I can watch this for hours


----------



## Qtis (Nov 27, 2012)

This is pretty much a letdown. Not that I really need another Wii (have a GC compatible white version), but it could be a cool pack if it supported HD loading. I could imagine taking one with me on my exchange year after next year just for that (and to actually play all the Wii games I'm waiting to play, but the PS3 takes my extra gaming time (if there ever is any)).


----------



## Gahars (Nov 27, 2012)

LightyKD said:


> Um... people still do use their Wii consoles for Netflix. Actually Netflix on Wii was the fastest growing segment of viewers over the other two consoles.


 
And those people still using Netflix have nothing to worry about because they aren't losing it.



LightyKD said:


> This Mini system is a total slap in the face.


 
To who? Who is Nintendo offending with this? The dedicated gamers who already own fully functional Wiis? The casual players on the market for an extremely cheap game system?



LightyKD said:


> They should have kept WiFi, USB and SF. Its not that damn hard.


 
Hard? No, but as we've established, they don't come free. When you're trying to minimize costs as much as possible, you've got to make cuts somewhere.



LightyKD said:


> I understand that this system is exclusive to Canada but if it catches on up there what makes anyone think that Nintendo won't just bring these suckers to other regions. The same thing happened with the sans-GameCube Wii consoles. They were announced for the PAL region first and then quickly thrusted into the US market. This is a bad move. Period.


 
Oh God, the horror of cheap Wiis might spread! God knows that people can't just purchase older models online if they're that interested in these features!

I mean, you're seriously getting worked up over this, of all things? Creating a cheap alternative for consumers is now a grave, unforgivable offense? I think you need to get some perspective here.


----------



## theMa6ician (Nov 27, 2012)

LightyKD said:


> Um... people still do use their Wii consoles for Netflix. Actually Netflix on Wii was the fastest growing segment of viewers over the other two consoles. This Mini system is a total slap in the face. They should have kept WiFi, USB and SF. Its not that damn hard. I understand that this system is exclusive to Canada but if it catches on up there what makes anyone think that Nintendo won't just bring these suckers to other regions. The same thing happened with the sans-GameCube Wii consoles. They were announced for the PAL region first and then quickly thrusted into the US market. This is a bad move. Period.

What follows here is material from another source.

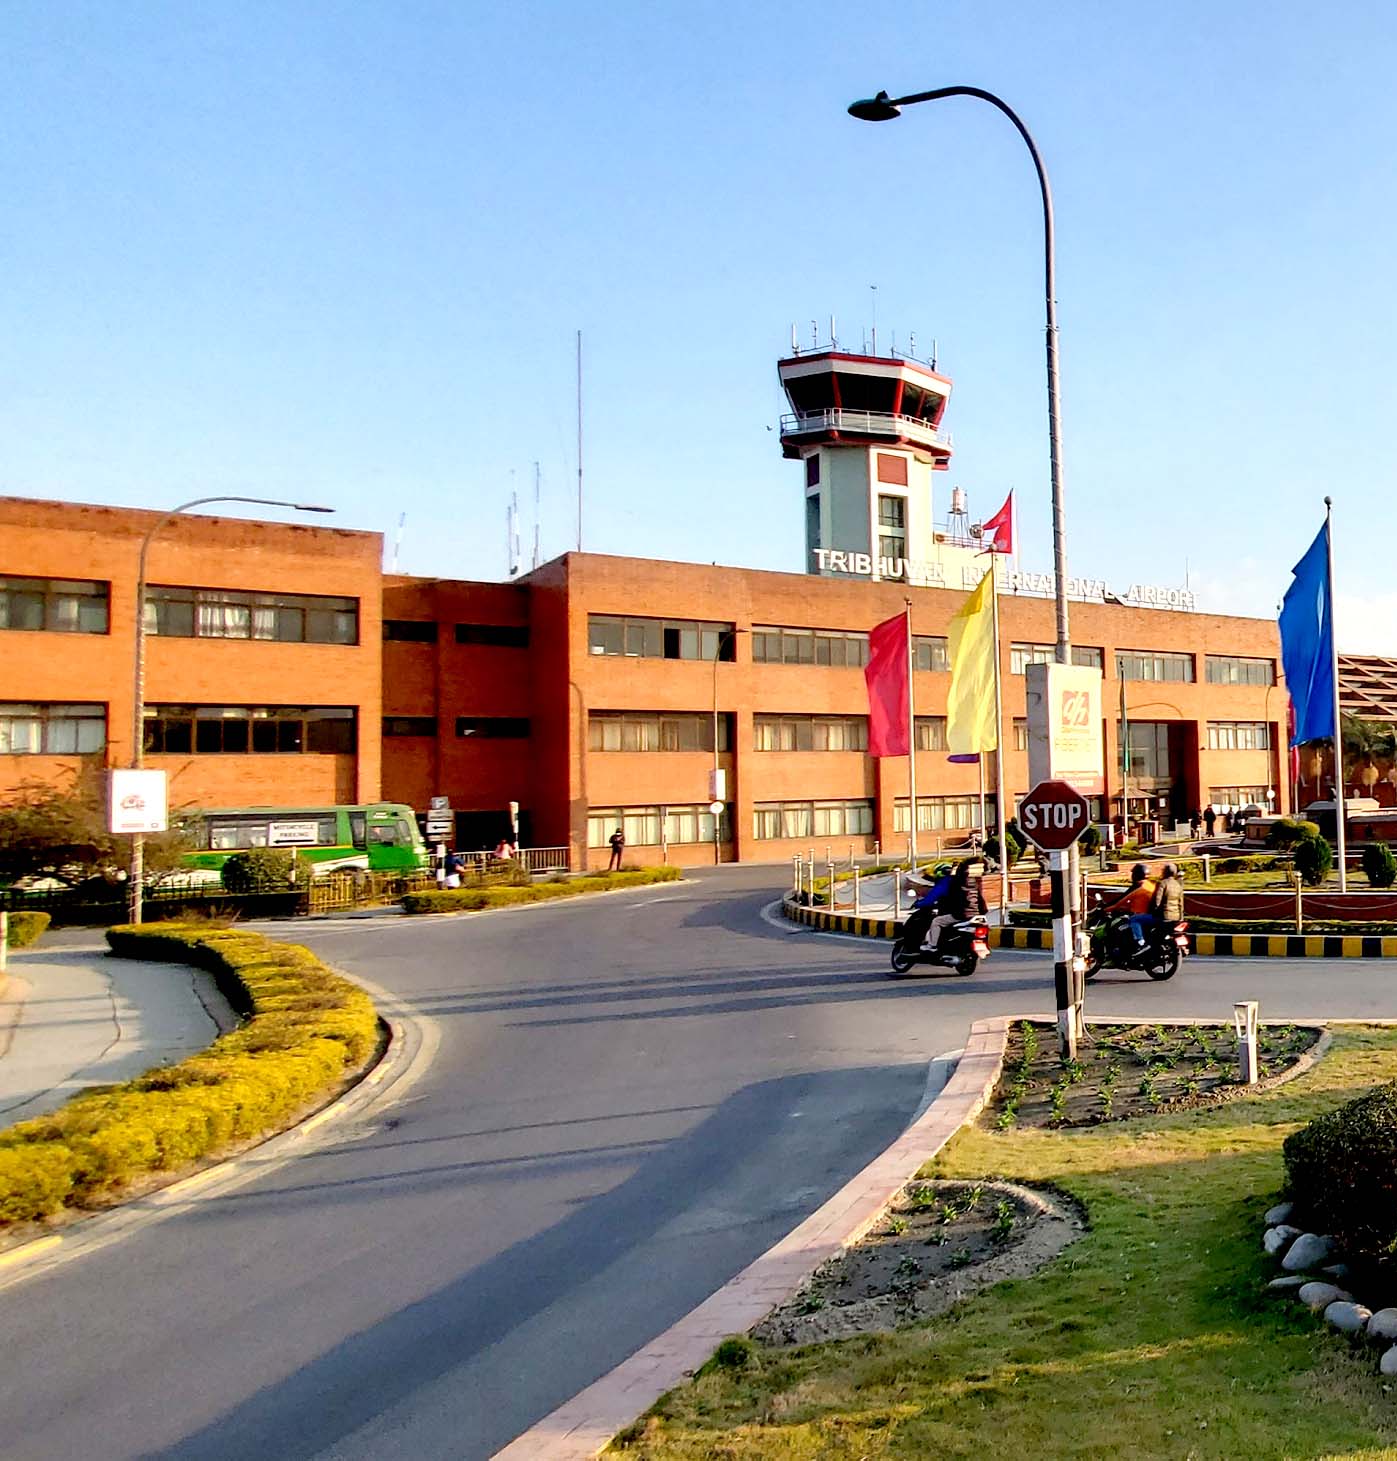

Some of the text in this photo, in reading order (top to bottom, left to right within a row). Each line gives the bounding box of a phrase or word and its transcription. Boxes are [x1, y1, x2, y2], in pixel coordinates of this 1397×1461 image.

Wiis also sold more than the competition, doesnt make the Wii better. And yeah its easy to watch your console's features become more popular in a shorter amount of time when youre the last company to implement "normal" features.


----------



## emigre (Nov 27, 2012)

Wii Mini? I think they should call this the Wii crippled.


----------



## MelodieOctavia (Nov 27, 2012)

Cool. Not too keen on the removed features, but on a purely aesthetic standpoint, I love it. It looks a bit famicom-ish.


----------



## loco365 (Nov 27, 2012)

TwinRetro said:


> Cool. Not too keen on the removed features, but on a purely aesthetic standpoint, I love it. It looks a bit famicom-ish.


That's what I first thought of when I saw the color scheme. It took me a second look at another angle to see that it was a top-loader, just like the CD player on my boombox. However, the lack of WiFi means you won't have access to the Wii Shop channel, which means half of the console is already useless unless there is a modified system menu on it to remove any WiFi options and programs that use WiFi, and with no SD card, you can't transfer saves to a Wii U.

Wonder how hackers will work to hack this Wii. With the lack of SD or USB, it looks almost impossible to do.


----------



## boombox (Nov 27, 2012)

It looks as though it opens by pressing one of the buttons at the top and placing the disc in, like the Gamecube.
I'm really liking how retro it looks, reminds me of one of their previous generation consoles...the Nintendo Family computer, except black and red instead of white and red.
I won't be needing this, but if I didn't have a Wii I'd be very tempted >___<
I don't reckon it'll play Gamecube game either, there's no obvious signs there, it's just literally for people to play their Wii games.


----------



## Xenirina (Nov 28, 2012)

Chanser said:


> Will it support Gamecube games


 


			
				Best Buy said:
			
		

> While the system has no Internet connectivity options or Gamecube support...


​


----------



## Snailface (Nov 28, 2012)

Hadrian said:


> *I like the design but meh.*
> 
> This will appeal to parents who are too scared to let children have internet enabled devices (I've dealt with one today for a kids toys who got the impression that kids are master hackers that they can bypass the parent locks!) or for those who are too stupid to by a much cheaper used Wii with all of the features.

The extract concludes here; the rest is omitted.